Of particular interest of late to those within the world of intellectual property (IP) is how the coronavirus is affecting (or may affect) patent and IP laws.
Already in this blog, we’ve explored . . .
- How governments and other entities are streamlining or even reducing patent requirements in an effort to get potentially lifesaving medications and procedures to market more quickly.
- The USPTO’s new program to waive fees and expedite the patent filing process for qualified applicants whose product or process is “for use in the prevention and/or treatment of COVID-19.”
- How the United Kingdom, Germany, Israel, USA, and other countries have enacted wartime-like powers to ensure they have drugs and medications on hand deemed necessary to fight the pandemic, regardless of the IP rights involved.
Now comes a report from The Week on July 19 on how India’s Serum Institute is running into roadblocks related to IP as it works to mass-produce a low-cost coronavirus vaccine it hopes to make available to the rest of the world. In the article, Serum Institute CEO Adar Poonawalla blames what he calls “stupid rules and regulations” related to patent and importation rules (especially in the United States) that are impacting production (lowering supply) and driving prices higher..
In a related July 19 Politico article, Poonawalla said he believes that the “sheer urgency of the virus” and its global reach and threat “should prompt a reassessment of patent and intellectual property laws that limit access to immunizations in the developing world, while simultaneously jacking up their price in wealthier countries.” He also said the issue goes beyond just his company’s potential vaccine for the coronavirus—it includes other vaccines already produced by his company (and others).

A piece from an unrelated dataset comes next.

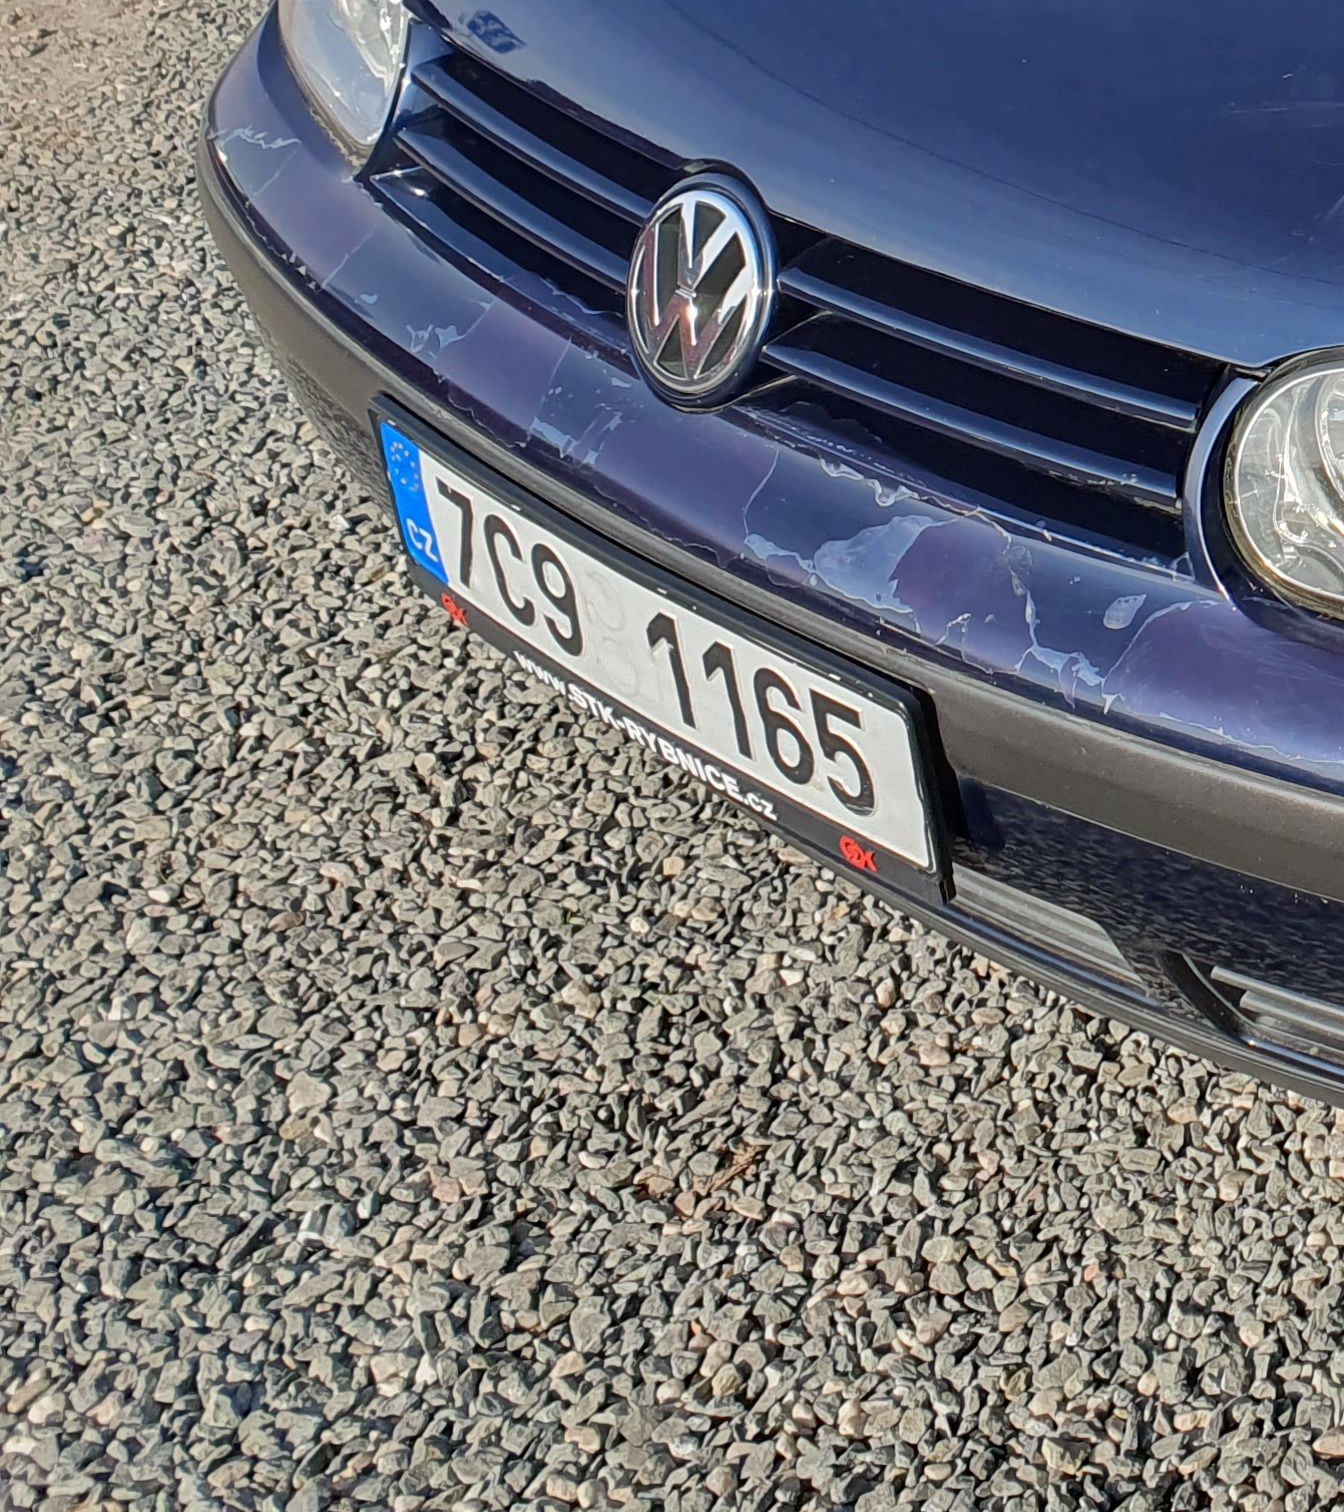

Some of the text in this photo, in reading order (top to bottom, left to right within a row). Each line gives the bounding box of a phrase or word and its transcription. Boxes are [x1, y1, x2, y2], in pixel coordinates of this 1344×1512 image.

To say these are extraordinary times would be an understatement. However, as a law practice committed to helping clients create, protect, and enforce their IP rights, we are staunch supporters of innovation, free enterprise, and strong IP rights—all those things (and more) that current IP laws, rules, and regulations are designed to protect.
We are not alone in our assessment. In the same July 19 Politico article, a spokesperson for the Pharmaceutical Research and Manufacturers of America (PhRMA) is quoted as saying, “Our IP system— including patents—promotes competition and is the foundation for new treatments, vaccines, and cures for patients … Many of the medicines being tested for COVID-19 exist today because of intellectual property and other incentives that drove their creation and development.” Changing that system, the spokesperson’s statement continued, could negatively impact the pharma industry’s “manufacturing infrastructure, divert resources, and leave patients now and tomorrow worse off.”
As with most issues, there are many sides tothe story. Who’s right and what’s best for the outcomes desired by society aren’t necessarily always aligned.
Rest assured that we at Ludwig APC continue to advocate policies that promote free enterprise and innovation.
As this and related stories continue to develop, we will keep a close eye on developments, how patent laws may be affected (in general), and on any potential impacts for our clients.
IP and patent laws have always been quite complex, and they are bound to get even more so in the months and years ahead. If you are thinking about, or already involved in, developing a process or product, you would be well advised to explore your intellectual property rights fully. A qualified and experienced IP lawyer can conduct the due diligence necessary to ensure you are not infringed upon and that you do not infringe on the rights of others.